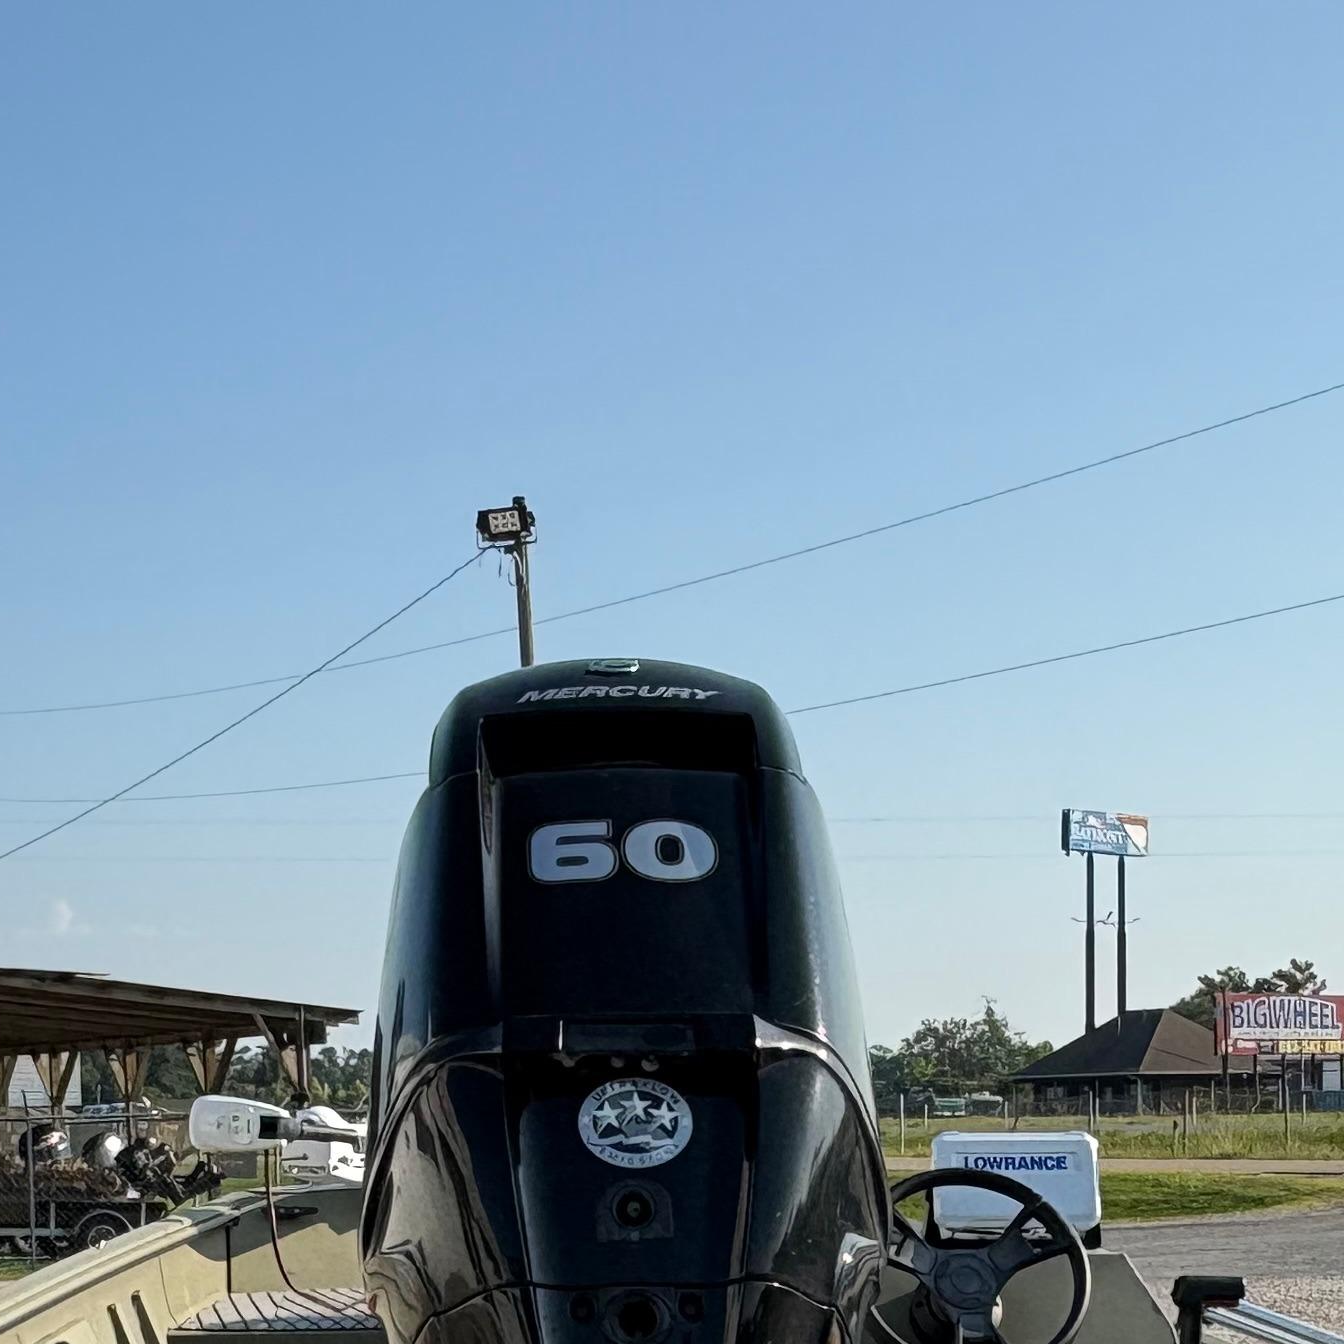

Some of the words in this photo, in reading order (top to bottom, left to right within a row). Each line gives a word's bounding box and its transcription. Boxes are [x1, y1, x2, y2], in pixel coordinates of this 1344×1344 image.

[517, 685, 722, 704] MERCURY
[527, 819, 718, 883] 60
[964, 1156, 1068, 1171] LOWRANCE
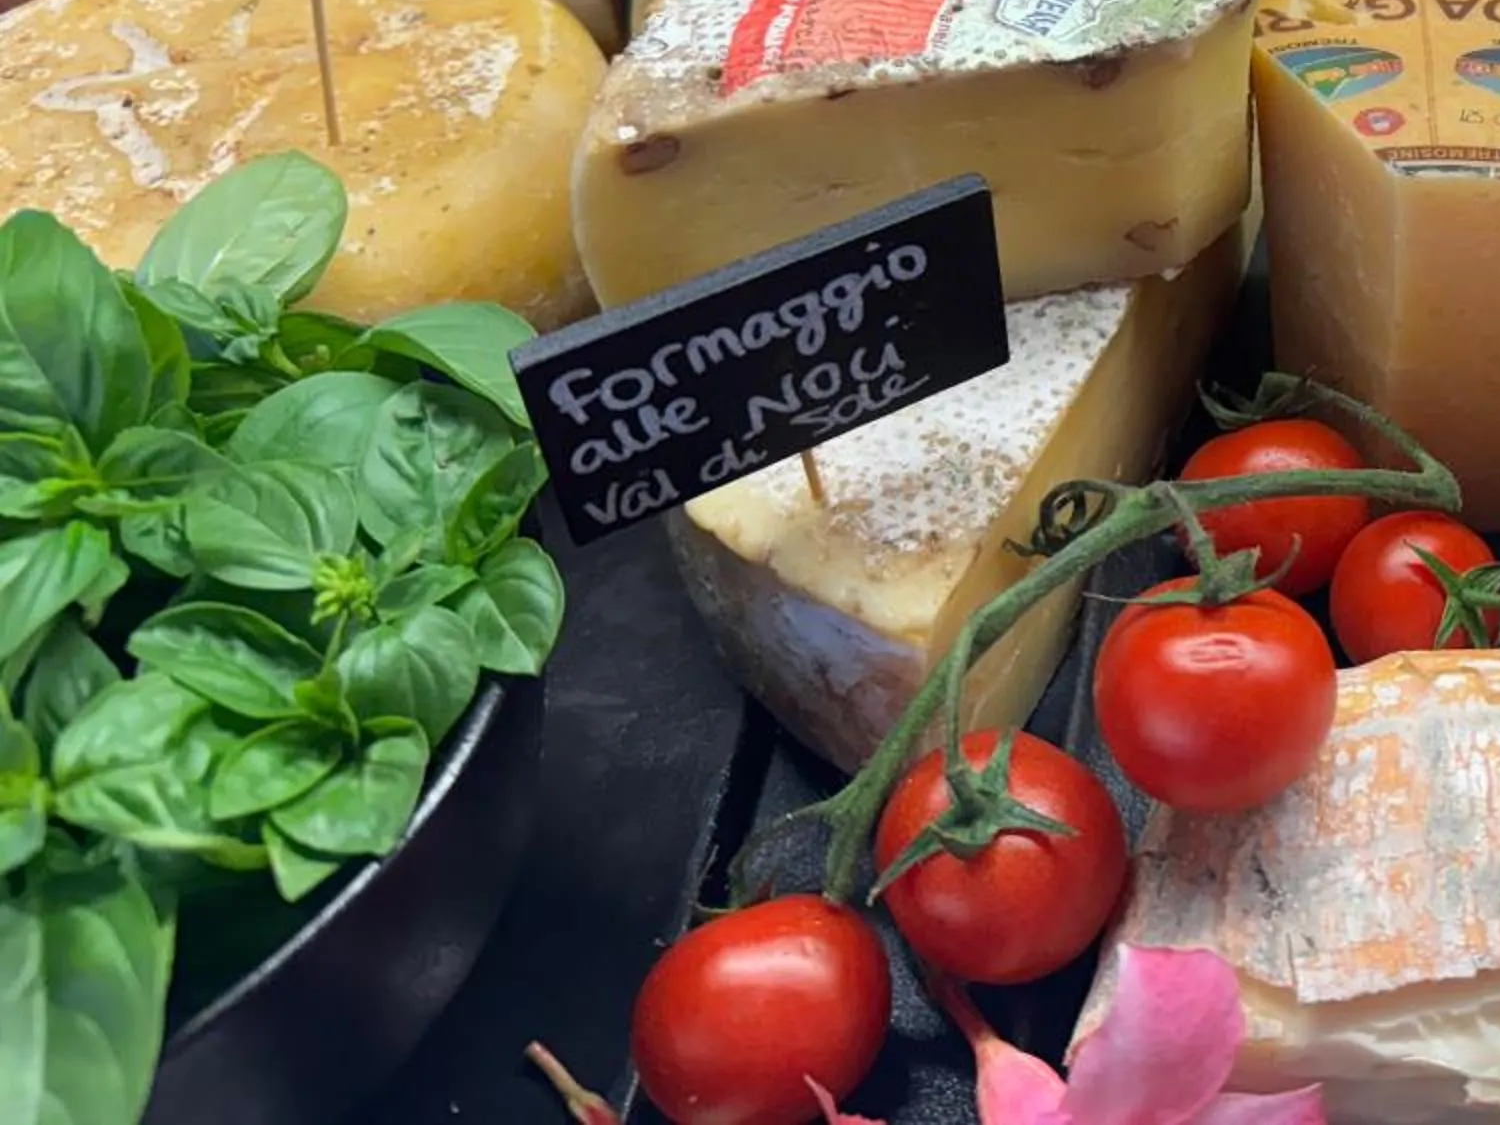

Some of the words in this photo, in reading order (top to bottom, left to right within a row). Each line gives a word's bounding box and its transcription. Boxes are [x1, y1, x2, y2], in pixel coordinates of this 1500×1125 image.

++++++++++++++++++++

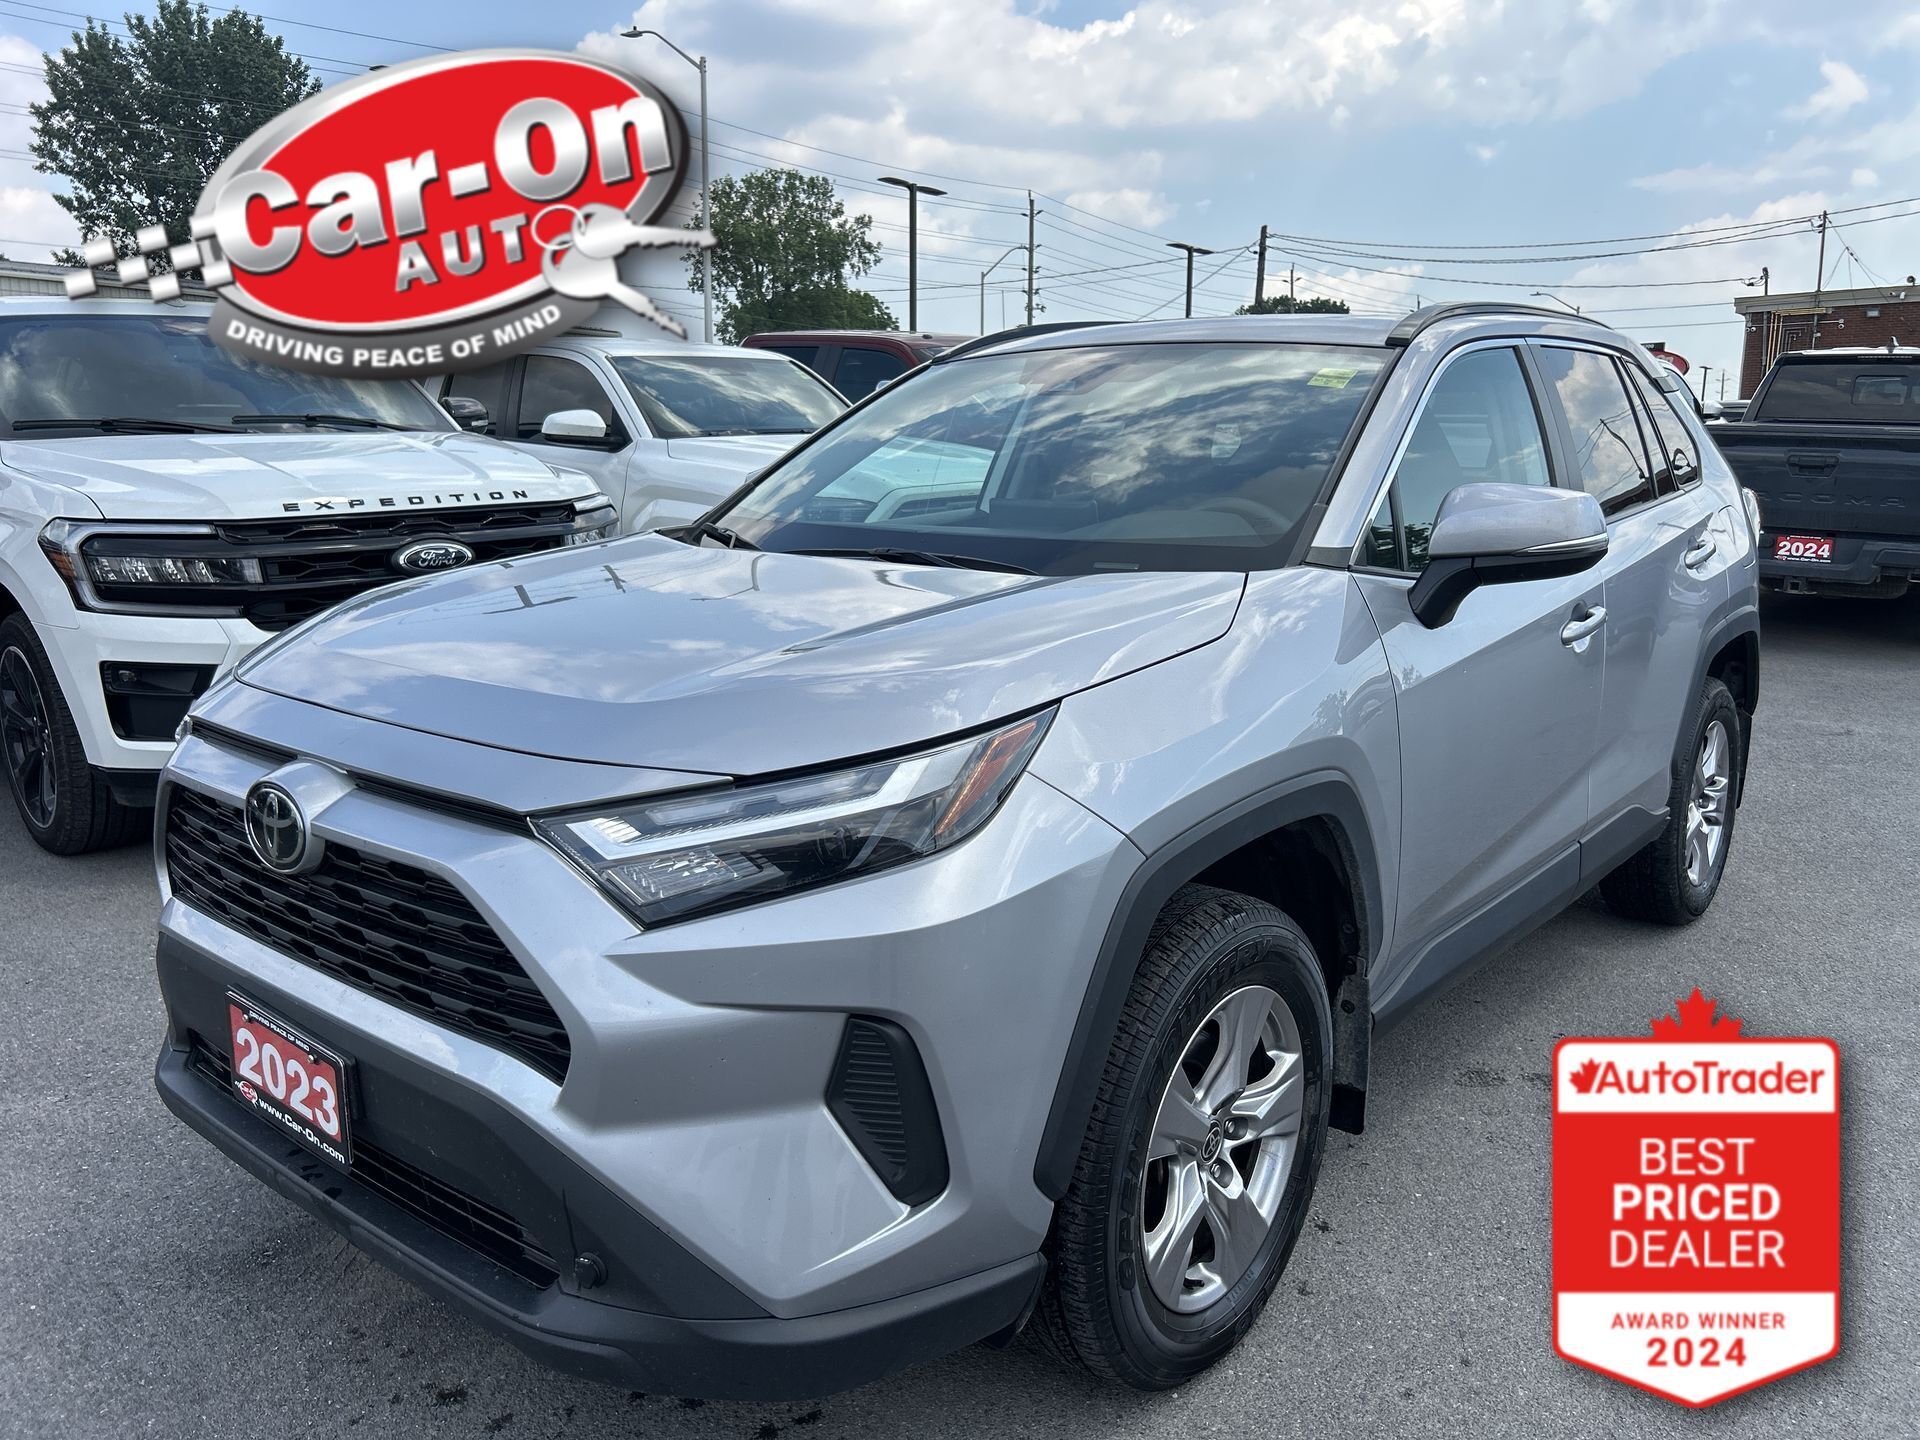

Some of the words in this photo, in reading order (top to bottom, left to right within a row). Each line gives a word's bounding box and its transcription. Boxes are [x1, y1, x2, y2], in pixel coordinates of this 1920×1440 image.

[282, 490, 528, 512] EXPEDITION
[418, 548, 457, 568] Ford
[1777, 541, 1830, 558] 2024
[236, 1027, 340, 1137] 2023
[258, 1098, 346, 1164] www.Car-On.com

++++++++++++++++++++

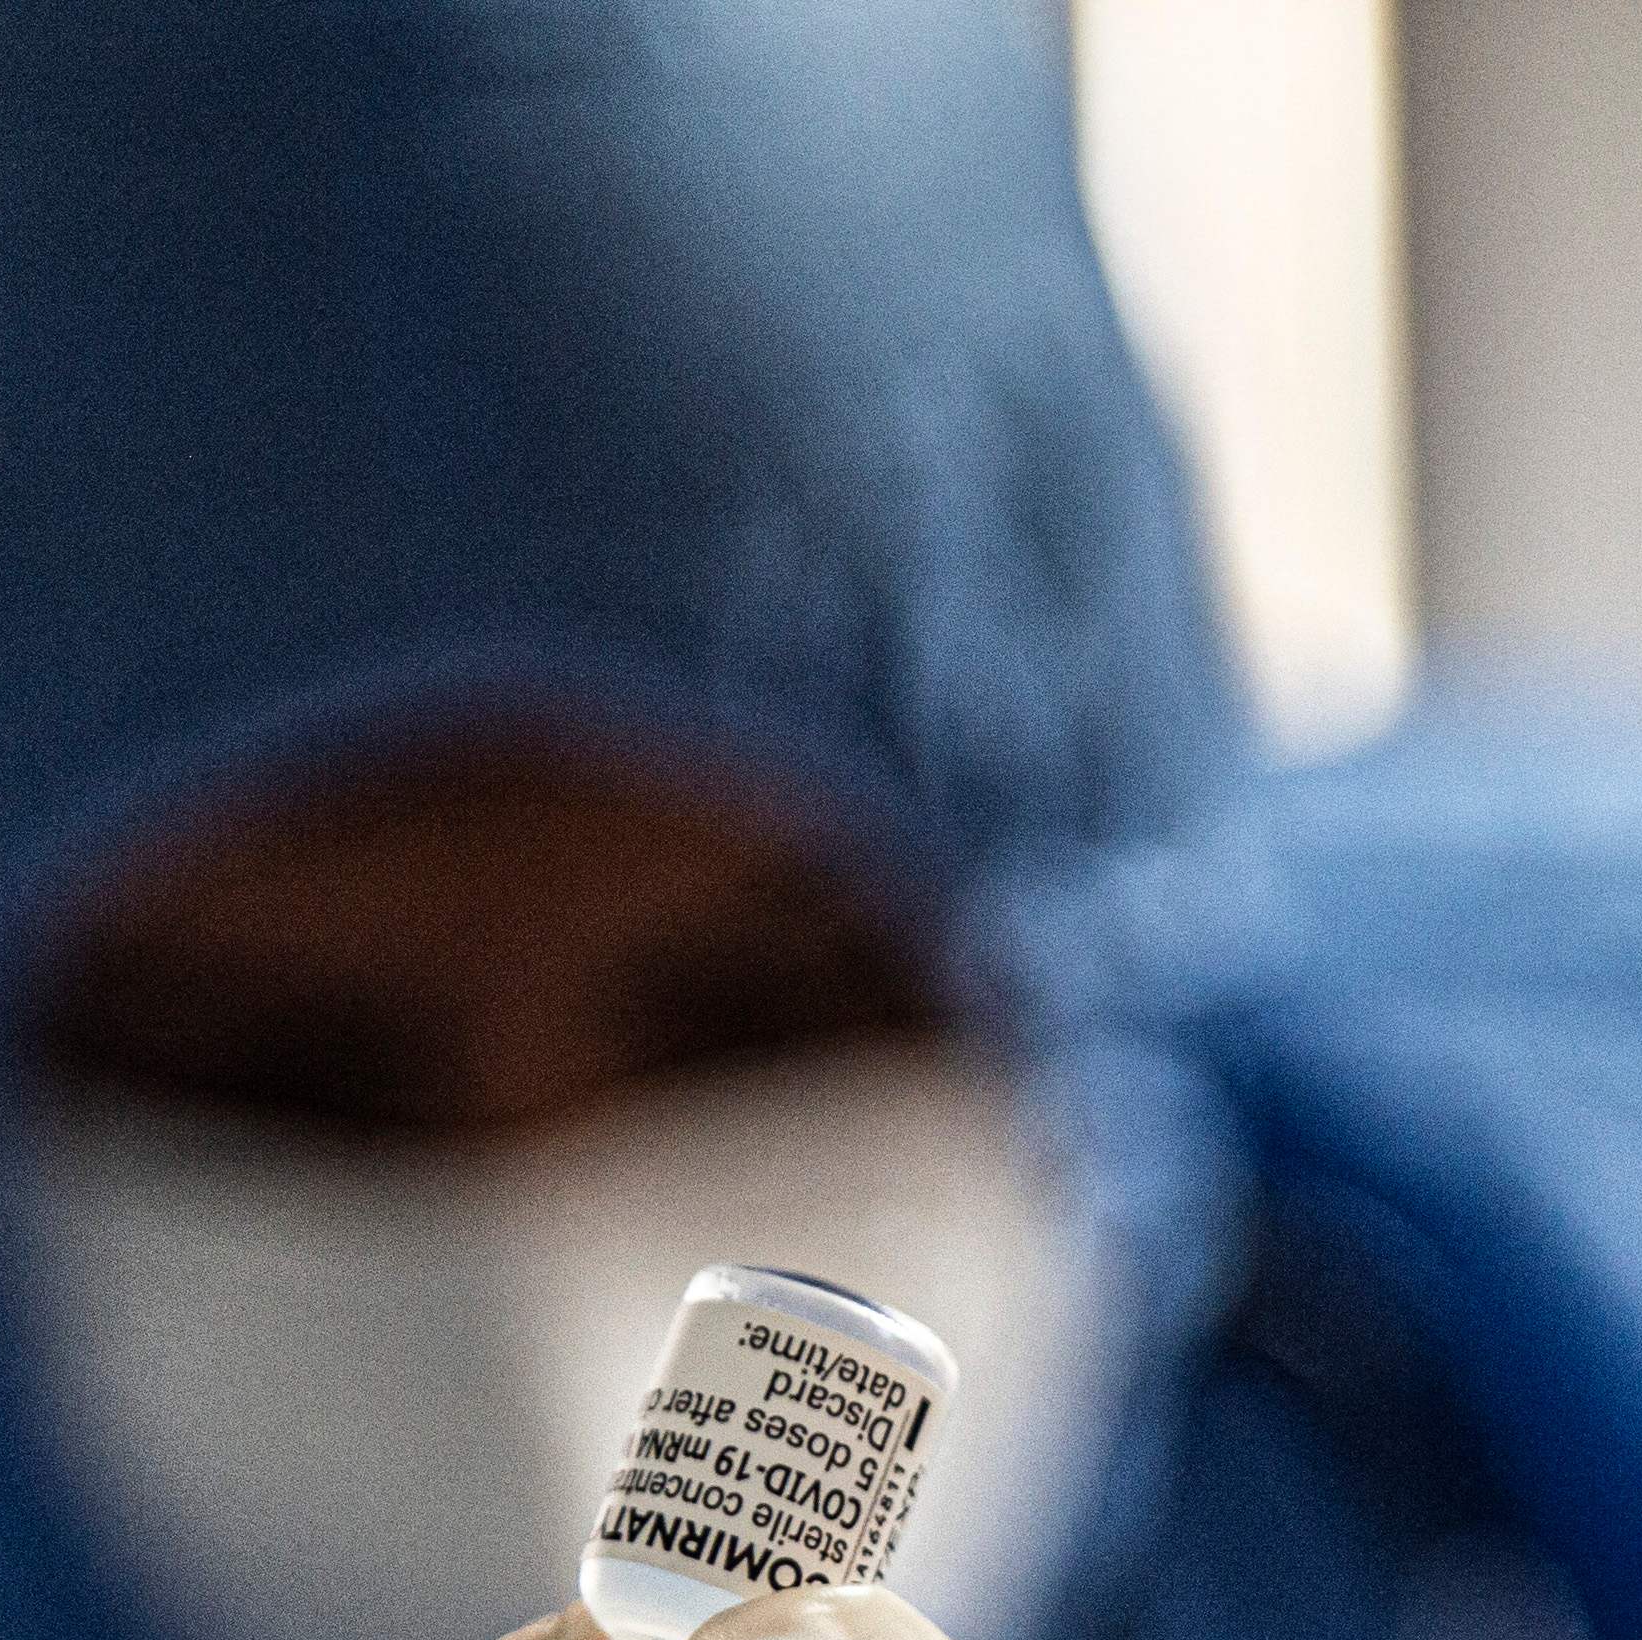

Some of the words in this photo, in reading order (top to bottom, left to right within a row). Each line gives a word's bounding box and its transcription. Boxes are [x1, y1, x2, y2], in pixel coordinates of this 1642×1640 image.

++++++++++++++++++++

◆ **Activity**
Looking at the listing above, which lines run from the one containing "this 1344×1344 image." through the one containing "this 1500×1125 image."? Print exactly those, ends included, pictures excluded.

◆ **Result of the task**
Some of the words in this photo, in reading order (top to bottom, left to right within a row). Each line gives a word's bounding box and its transcription. Boxes are [x1, y1, x2, y2], in pixel coordinates of this 1344×1344 image.

[517, 685, 722, 704] MERCURY
[527, 819, 718, 883] 60
[964, 1156, 1068, 1171] LOWRANCE

Some of the words in this photo, in reading order (top to bottom, left to right within a row). Each line gives a word's bounding box and its transcription. Boxes are [x1, y1, x2, y2], in pixel coordinates of this 1500×1125 image.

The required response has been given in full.